##### Material provided

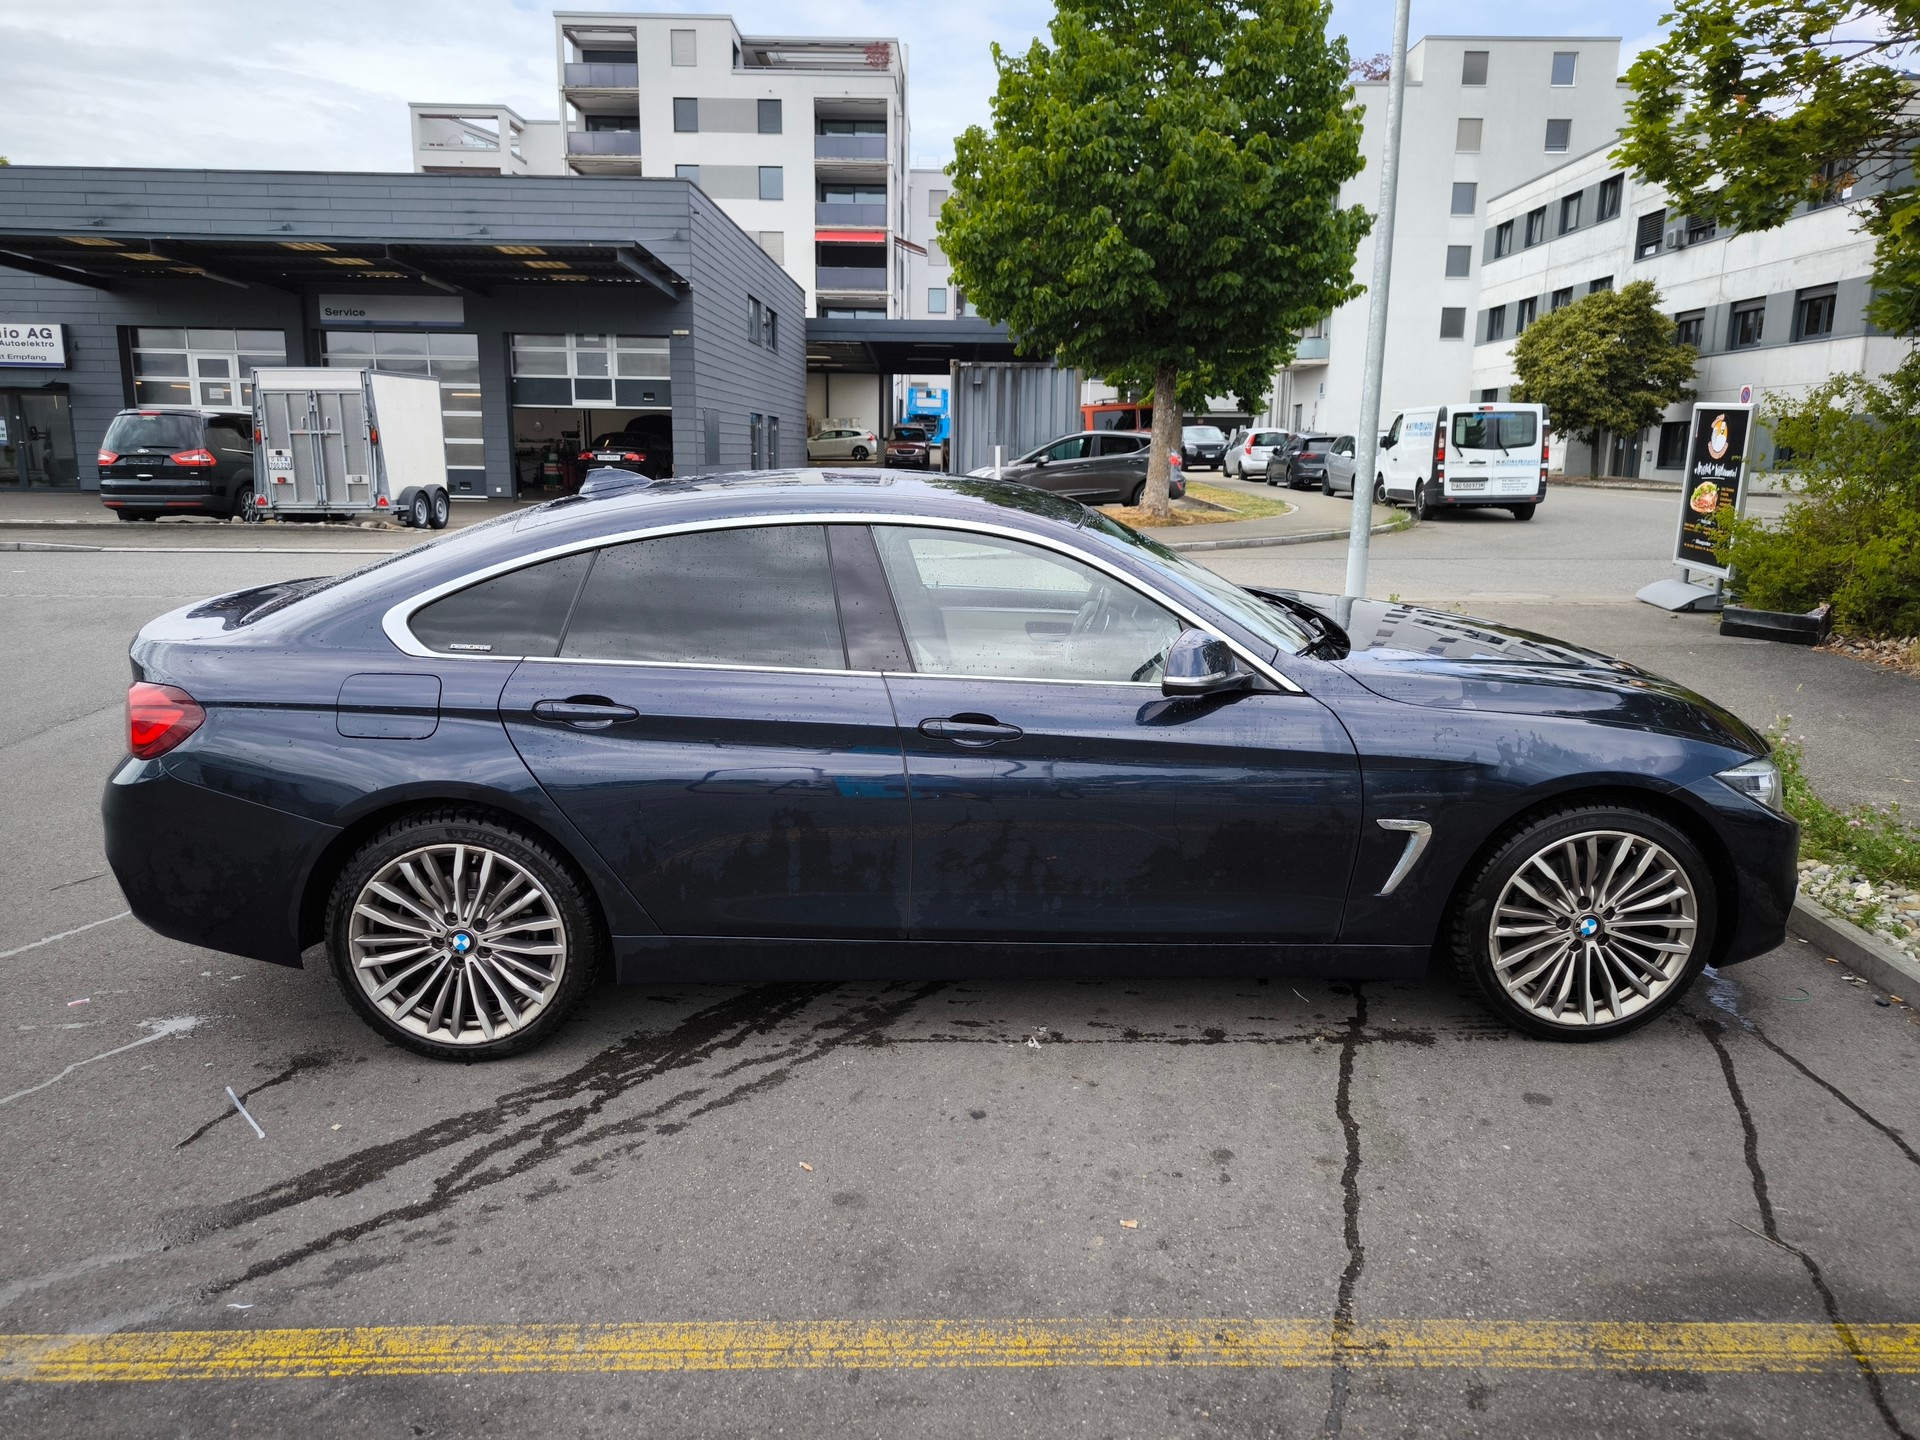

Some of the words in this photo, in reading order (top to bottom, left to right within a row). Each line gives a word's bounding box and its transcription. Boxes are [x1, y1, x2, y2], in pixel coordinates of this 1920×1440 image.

[325, 307, 366, 316] Service
[0, 327, 19, 339] io
[27, 327, 53, 339] AG
[0, 340, 55, 348] Autoelektro
[1536, 816, 1598, 841] MICHELIN
[466, 830, 534, 862] MICHELIN
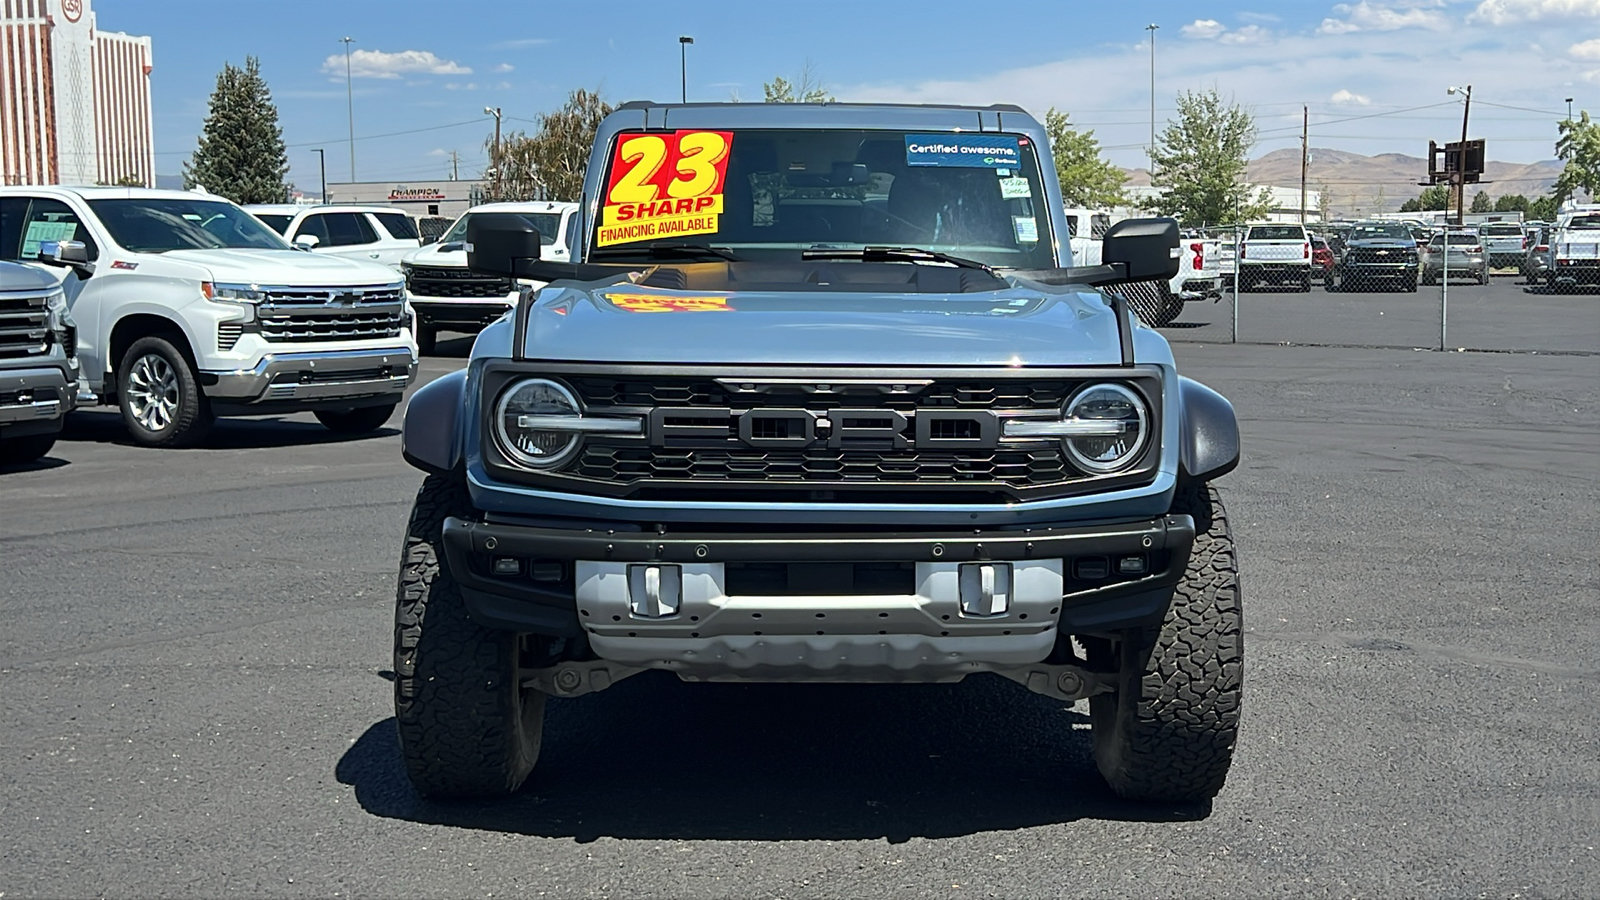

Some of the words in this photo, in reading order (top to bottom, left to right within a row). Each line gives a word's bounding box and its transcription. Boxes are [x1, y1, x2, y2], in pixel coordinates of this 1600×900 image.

[64, 0, 80, 13] GSR
[909, 144, 958, 154] Certified
[960, 145, 1016, 156] awesome.
[609, 132, 729, 203] 23
[391, 188, 440, 196] CHAMPION
[616, 196, 716, 221] SHARP
[600, 223, 655, 242] FINANCING
[657, 217, 714, 235] AVAILABLE
[650, 407, 1000, 449] FORD
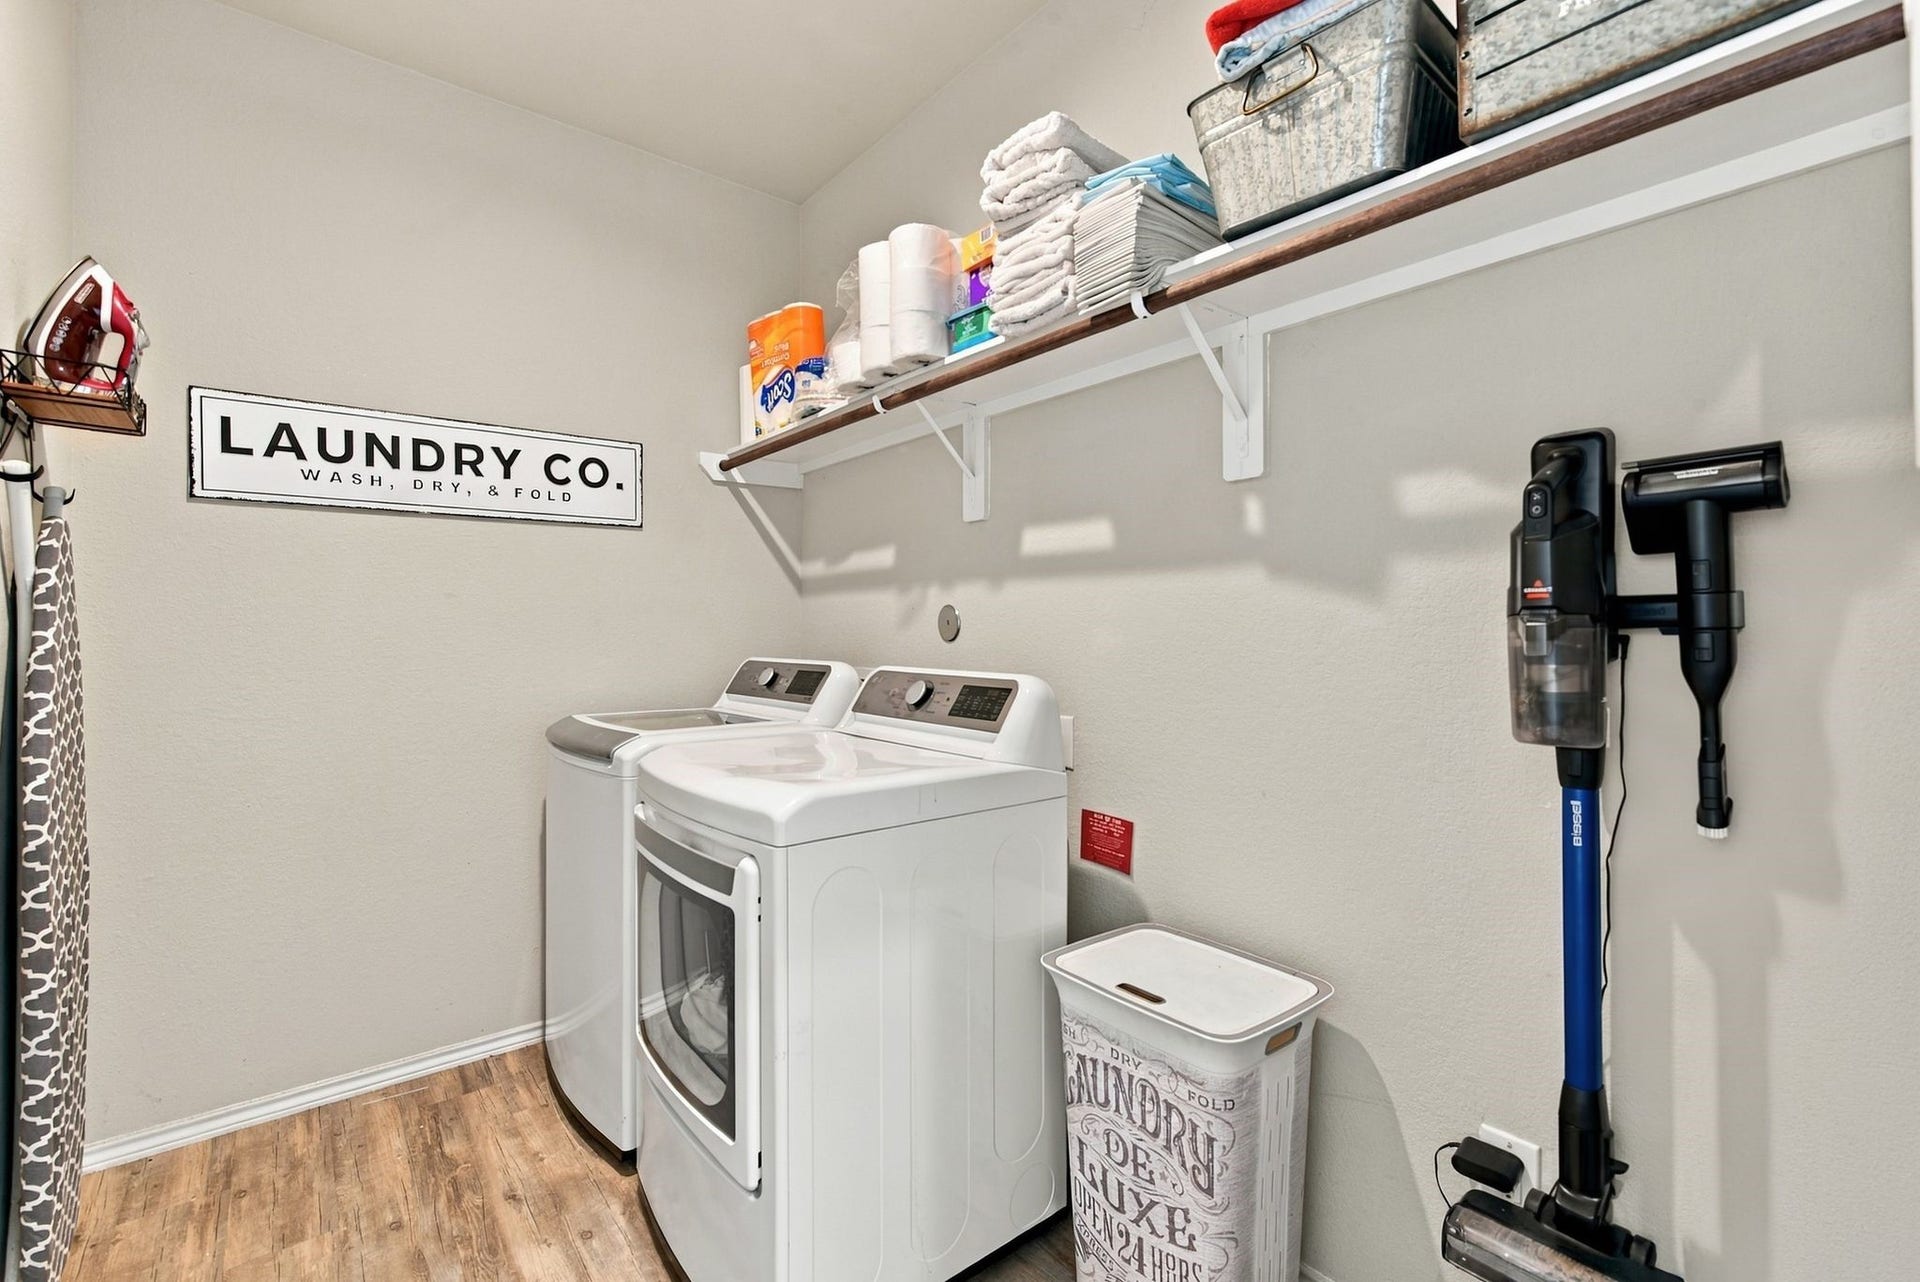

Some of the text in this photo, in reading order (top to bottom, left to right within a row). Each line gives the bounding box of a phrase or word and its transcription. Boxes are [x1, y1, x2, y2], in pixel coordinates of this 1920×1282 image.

[220, 415, 624, 490] LAUNDRY CO.
[301, 467, 572, 502] WASH, DRY, & FOLD
[1110, 1046, 1142, 1070] DRY
[1187, 1089, 1236, 1111] FOLD
[1103, 1128, 1156, 1185] DE
[1077, 1136, 1197, 1252] LUXE
[1074, 1176, 1114, 1250] OPEN
[1116, 1221, 1148, 1278] 24
[1074, 1213, 1114, 1272] XPRESS

##########

_Assigned task_. Take the entries above and restate them word for word, minus their images.

_Output_.
Some of the words in this photo, in reading order (top to bottom, left to right within a row). Each line gives a word's bounding box and its transcription. Boxes are [x1, y1, x2, y2], in pixel coordinates of this 1920×1440 image.

[325, 307, 366, 316] Service
[0, 327, 19, 339] io
[27, 327, 53, 339] AG
[0, 340, 55, 348] Autoelektro
[1536, 816, 1598, 841] MICHELIN
[466, 830, 534, 862] MICHELIN

Some of the words in this photo, in reading order (top to bottom, left to right within a row). Each line gives a word's bounding box and its transcription. Boxes are [x1, y1, x2, y2], in pixel coordinates of this 1600×900 image.

[64, 0, 80, 13] GSR
[909, 144, 958, 154] Certified
[960, 145, 1016, 156] awesome.
[609, 132, 729, 203] 23
[391, 188, 440, 196] CHAMPION
[616, 196, 716, 221] SHARP
[600, 223, 655, 242] FINANCING
[657, 217, 714, 235] AVAILABLE
[650, 407, 1000, 449] FORD

Some of the text in this photo, in reading order (top to bottom, left to right within a row). Each line gives the bounding box of a phrase or word and its transcription. Boxes are [x1, y1, x2, y2], in pixel coordinates of this 1920×1282 image.

[220, 415, 624, 490] LAUNDRY CO.
[301, 467, 572, 502] WASH, DRY, & FOLD
[1110, 1046, 1142, 1070] DRY
[1187, 1089, 1236, 1111] FOLD
[1103, 1128, 1156, 1185] DE
[1077, 1136, 1197, 1252] LUXE
[1074, 1176, 1114, 1250] OPEN
[1116, 1221, 1148, 1278] 24
[1074, 1213, 1114, 1272] XPRESS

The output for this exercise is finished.